I have a code which generates a string, and I used the ‘len()’ function to measure the length of the string. Instead of working properly, and generating 1000 random strings (each one is different), it just generates same string 1000 times. What can be the issue?
Here is the link to the code: Help please! - Pastebin.com

I guarantee you that the problem has nothing to do with the len()
function.

Thank you for posting a pastebin instead of a screen shot.

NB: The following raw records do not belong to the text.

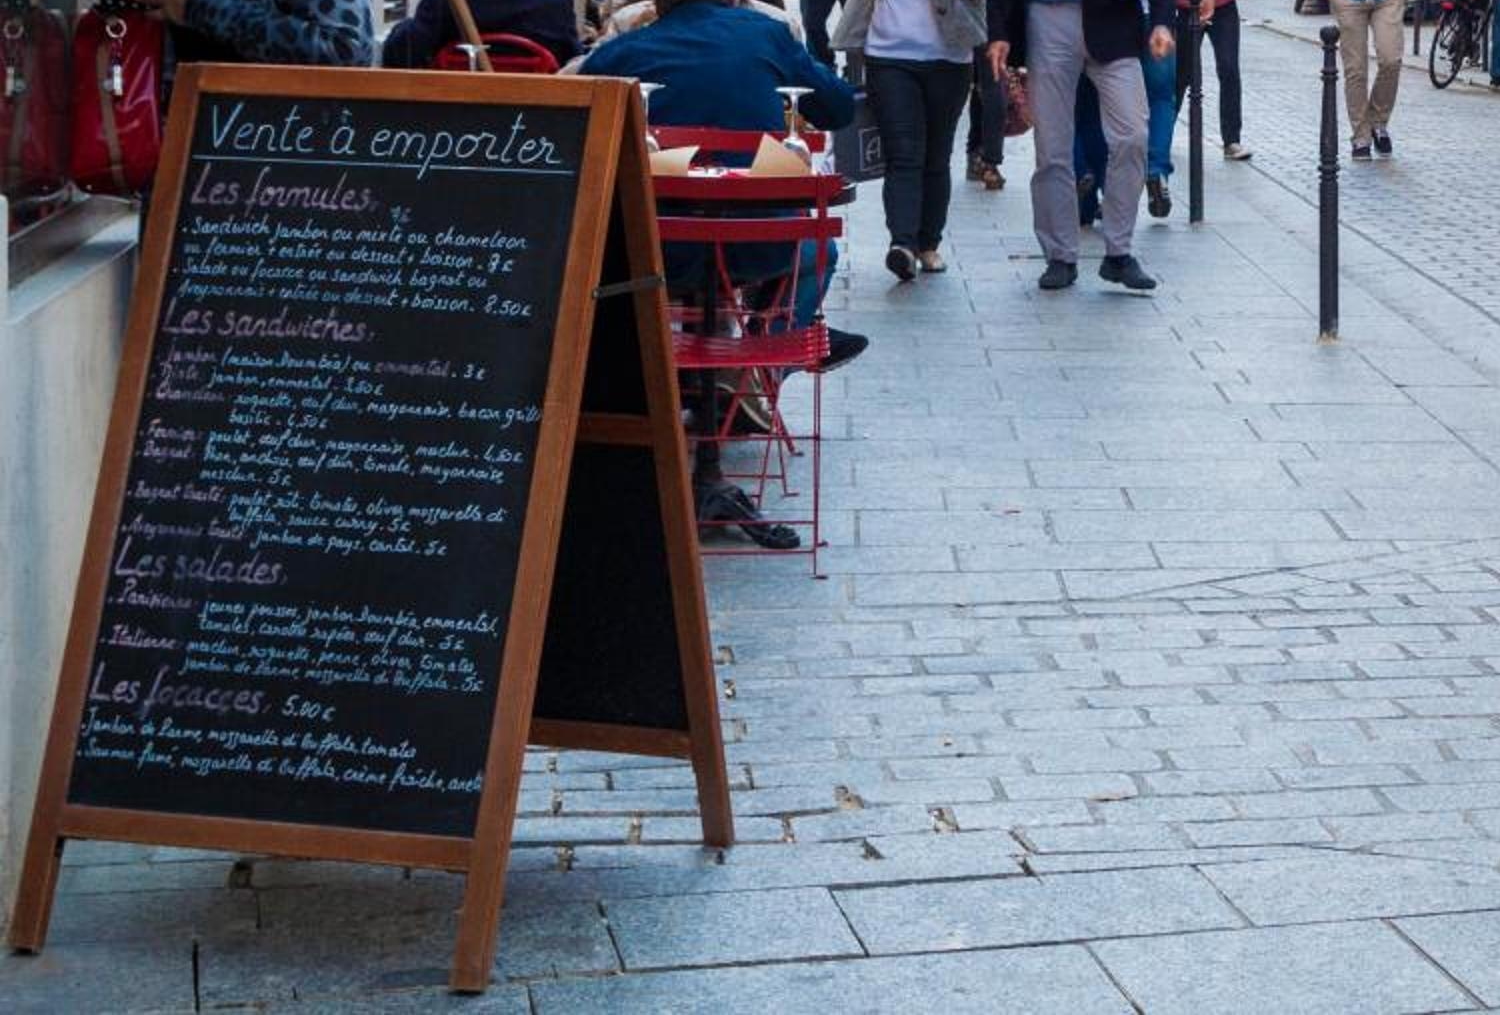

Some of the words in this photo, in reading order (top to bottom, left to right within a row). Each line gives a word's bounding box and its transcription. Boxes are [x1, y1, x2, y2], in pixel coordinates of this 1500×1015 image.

[212, 102, 316, 152] Vente
[330, 108, 356, 155] à
[370, 112, 562, 181] emporter
[191, 161, 239, 205] Les
[326, 248, 347, 261] ou
[331, 226, 353, 241] ou
[408, 233, 429, 244] ou
[231, 265, 249, 275] ou
[308, 269, 327, 281] ou
[467, 278, 487, 288] ou
[162, 296, 213, 334] Les
[115, 535, 166, 578] Les
[88, 660, 141, 706] Les
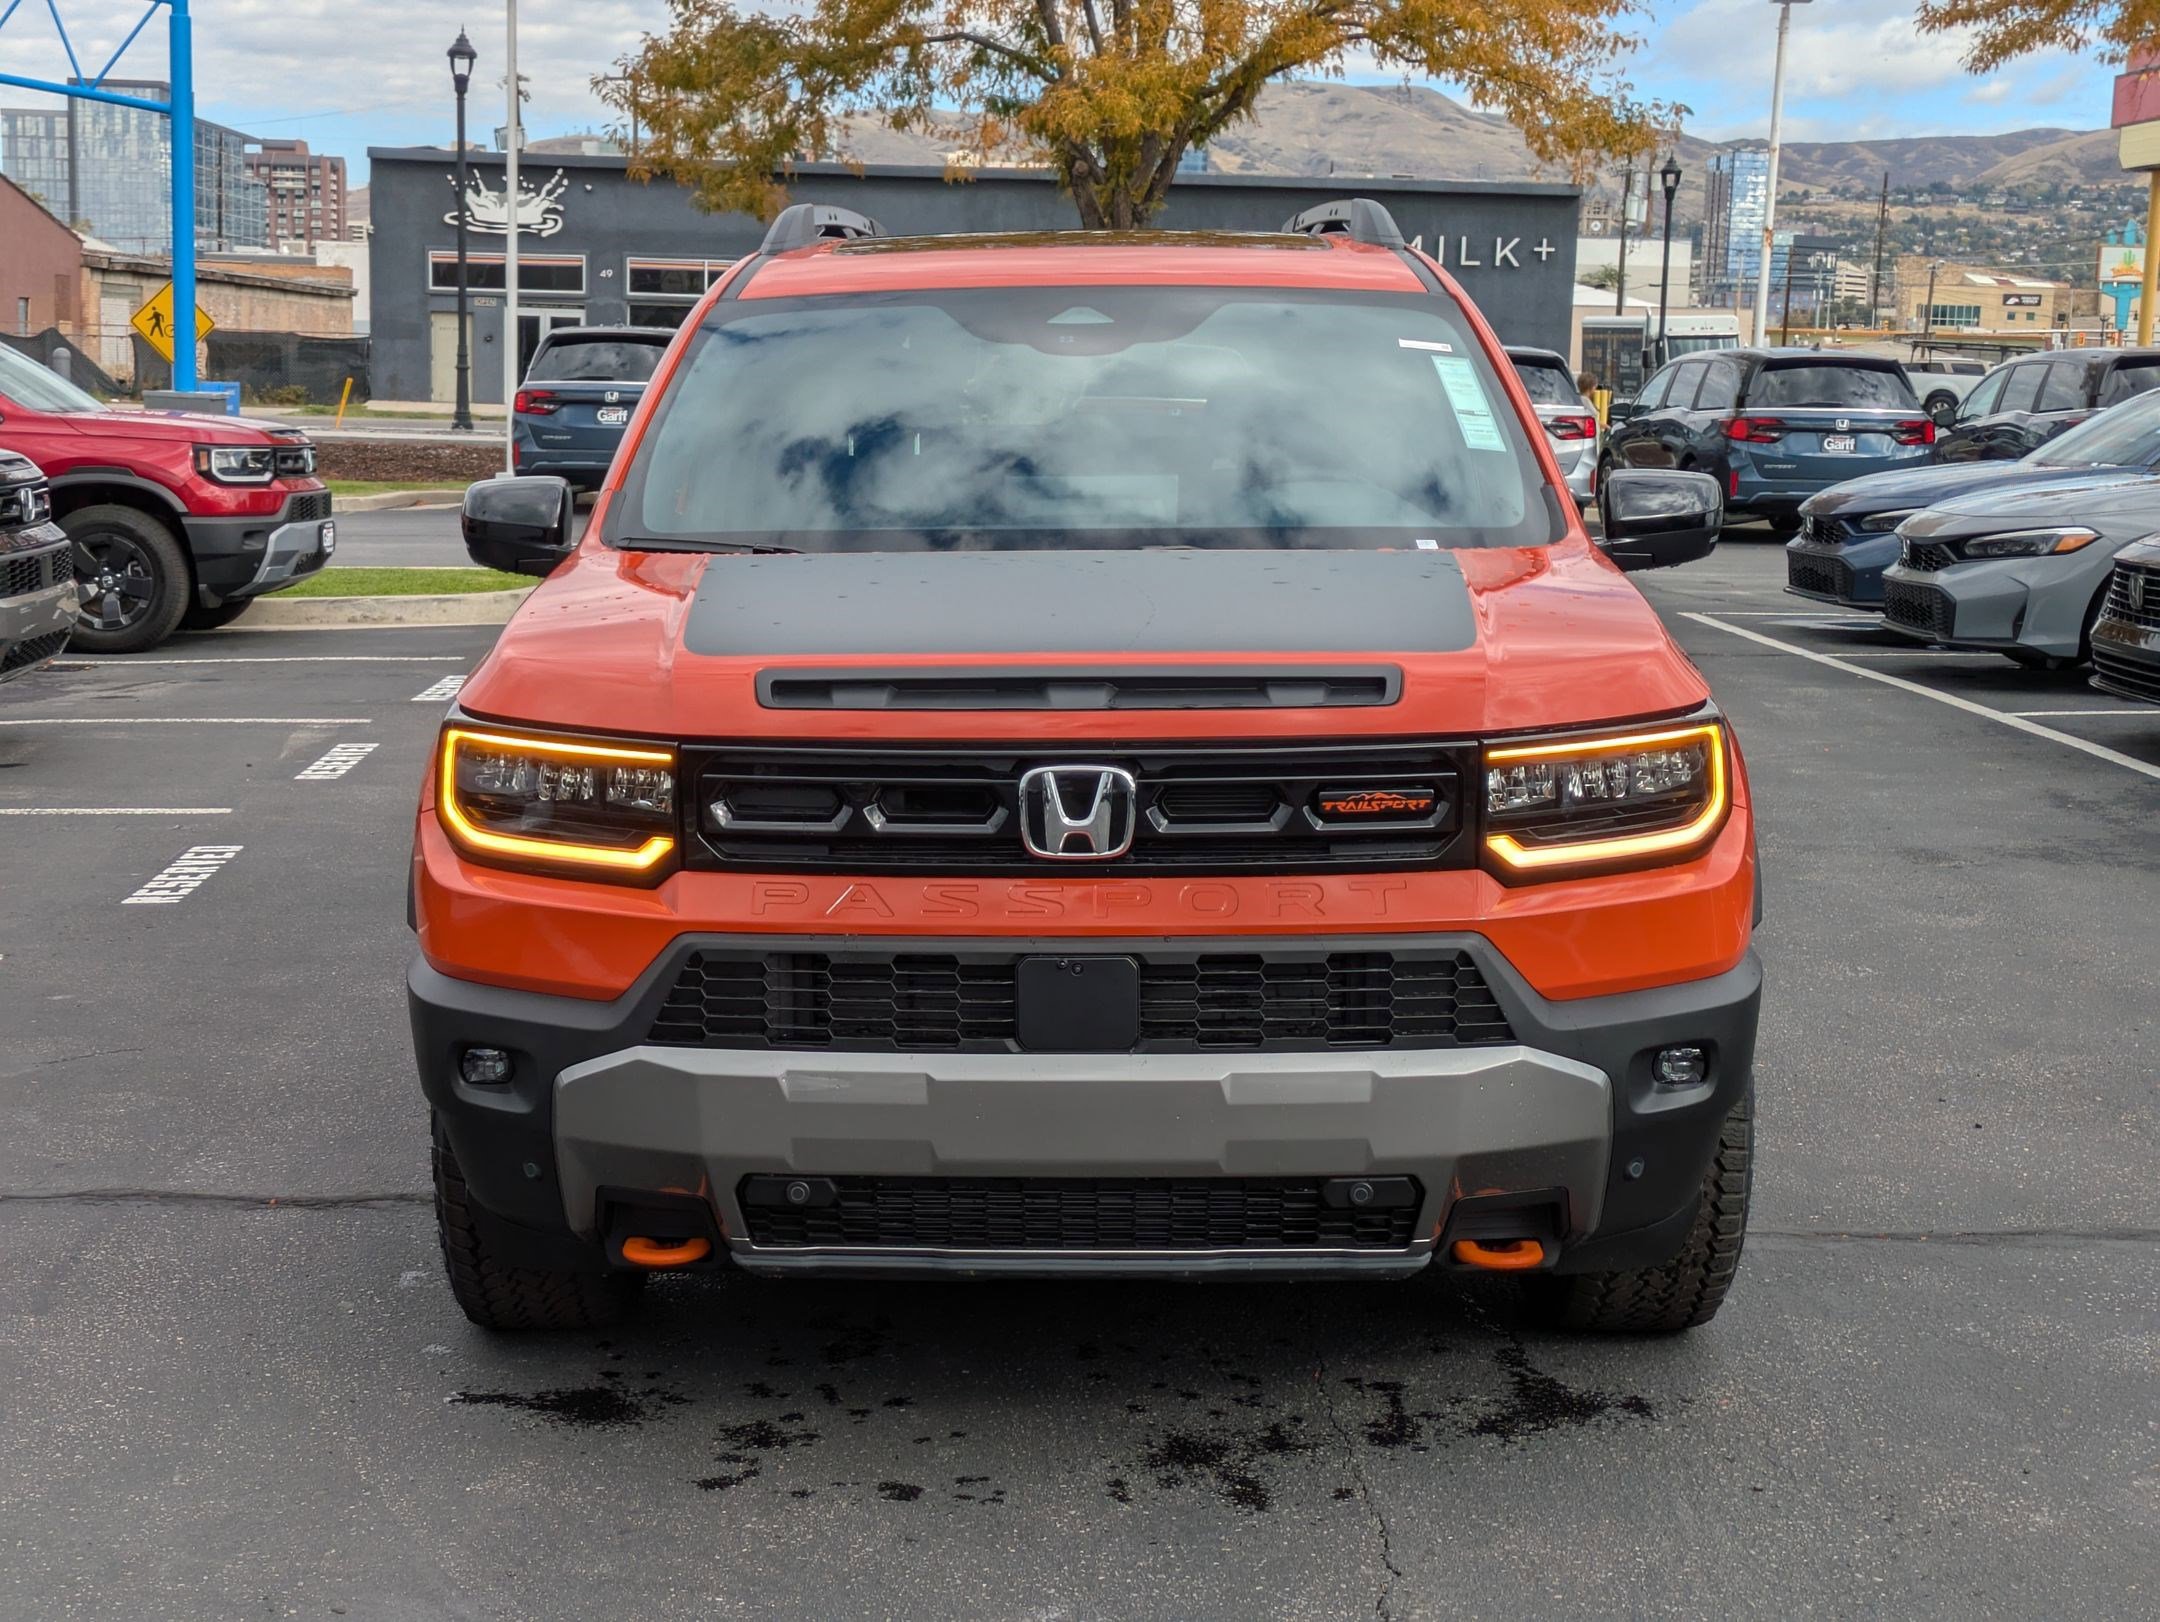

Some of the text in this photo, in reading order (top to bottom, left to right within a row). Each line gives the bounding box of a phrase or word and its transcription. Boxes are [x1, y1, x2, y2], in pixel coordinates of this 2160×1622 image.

[599, 269, 613, 278] 49
[597, 409, 628, 422] Garff
[1823, 437, 1856, 450] Garff
[293, 742, 380, 780] RESERVED
[1321, 799, 1431, 812] TRAILSPORT
[121, 845, 244, 904] RESERVED
[750, 880, 1408, 919] PASSPORT

Creating passwords with the random module is not a very good way to
generate passwords. The random module is designed for repeatable
sequences of pseudo-random values, suitable for games and scientific
modelling where it is important to be able to replicate the same values
as needed. For high-quality passwords and other secrets, you should use
the “secrets” module:

https://docs.python.org/3/library/secrets.html#recipes-and-best-practices

Anything that reduces the amount of randomness in the password, such as
eliminating duplicate characters, can only make the password weaker, not
stronger. If an attacker knows that the password contains no repeating
characters, that cuts down how many possible passwords there are and
makes a brute-force attack easier.

Consider a weak 4 character password, taken from only the digits 0-9. In
other words, a PIN. With no restrictions, there are 10*10*10*10 =
10000 possible PINs. But if you forbid duplicates, then there are only
10*9*9*9 = 7290 PINs. You’ve lost more than a quarter of the
possibilities and made a brute-force attack that much simpler.

Looking more closely at your code, the reason it only generates one
password is because you only ask it to generate one password, and then
you print it over and over again. You have:

passwordgenerator = generate_random_password(random.randint(6, 30), SEQUENCE)

But that’s a misleading name. It’s not a password generator, it’s just a
password, a simple string. The function that generates a password gets
called once, generating a password and storing that string in the
variable that is misleadingly called “passwordgenerator”.

Then you enter the loop:

for num in intnum:
    f.write("[" + str(charcount) + " | RANDOM." + num + "]: " + passwordgenerator + "\n")

Ignore all the other stuff, the square brackets and character count
etc, the same password is written each time. If you want a different
password each time, you need this:

for num in intnum:
    password = generate_random_password(random.randint(6, 30), SEQUENCE)
    f.write("[" + str(charcount) + " | RANDOM." + num + "]: " + password + "\n")

That will give you a different password each time.

But honestly, your password generator is extremely complex. Complex is
not good. Simple is better. See the secrets module.

Thanks for the help! I’ll make sure to check out the secrets module!